Microsoft Digital Forensics Tool Leaks Online

A secretive Microsoft utility called Computer Online Forensic Evidence Extractor (COFEE) has leaked online. An automated digital forensics tool for law-enforcement agencies, COFEE isn't available legally to individuals.

"COFEE brings together a number of common digital forensics capabilities into a fast, easy-to-use, automated tool for first responders. And COFEE is being provided—at no charge—to law enforcement around the world," a description of the tool reads.

"With COFEE, law-enforcement agencies without on-the-scene computer-forensics capabilities can now more easily, reliably, and cost-effectively collect volatile live evidence," the description continues. "An officer with even minimal computer experience can be tutored—in less than 10 minutes—to use a preconfigured COFEE device. This enables the officer to take advantage of the same common digital-forensics tools used by experts to gather important volatile evidence, while doing little more than simply inserting a USB device into the computer."
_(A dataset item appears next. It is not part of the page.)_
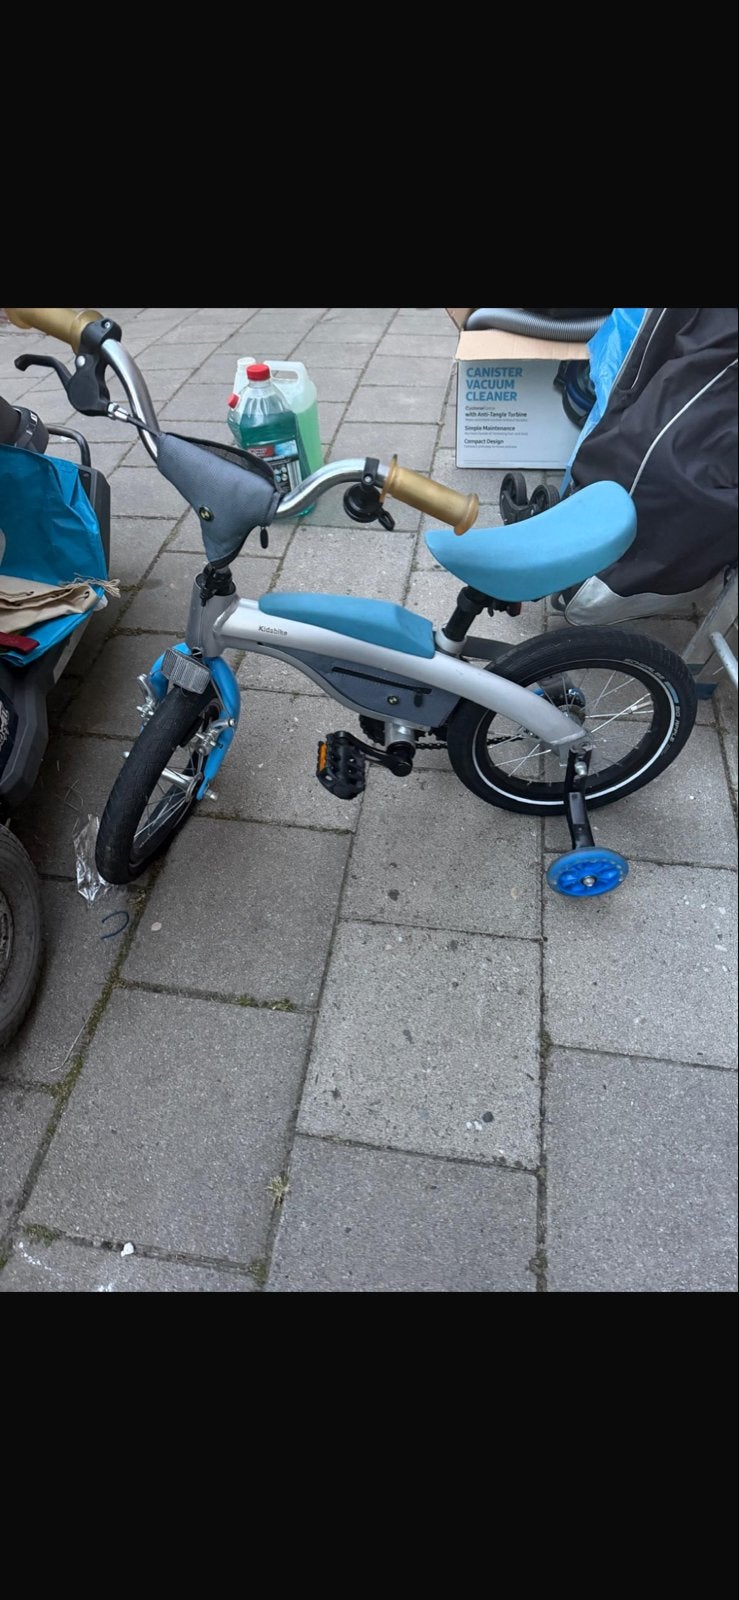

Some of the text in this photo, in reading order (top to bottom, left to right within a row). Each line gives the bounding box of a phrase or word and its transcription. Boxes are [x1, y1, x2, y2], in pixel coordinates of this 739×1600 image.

Microsoft ships COFEE on a tiny USB device to law-enforcement agencies in almost 190 countries worldwide. The company has been working with Florida State University and University College Dublin to develop future versions of COFEE that can adapt to the evolving needs of digital forensics.

Security researchers point out that COFEE provides no useful tools for individuals, though of course it's possible that criminals might investigate how the code works to find ways around its capabilities.

The most important aspect of this story, of course, is that I avoided obvious headline puns such as "Microsoft COFEE Leaks Online," "Microsoft COFEE: HOT!" or "CSI: Redmond." You're welcome.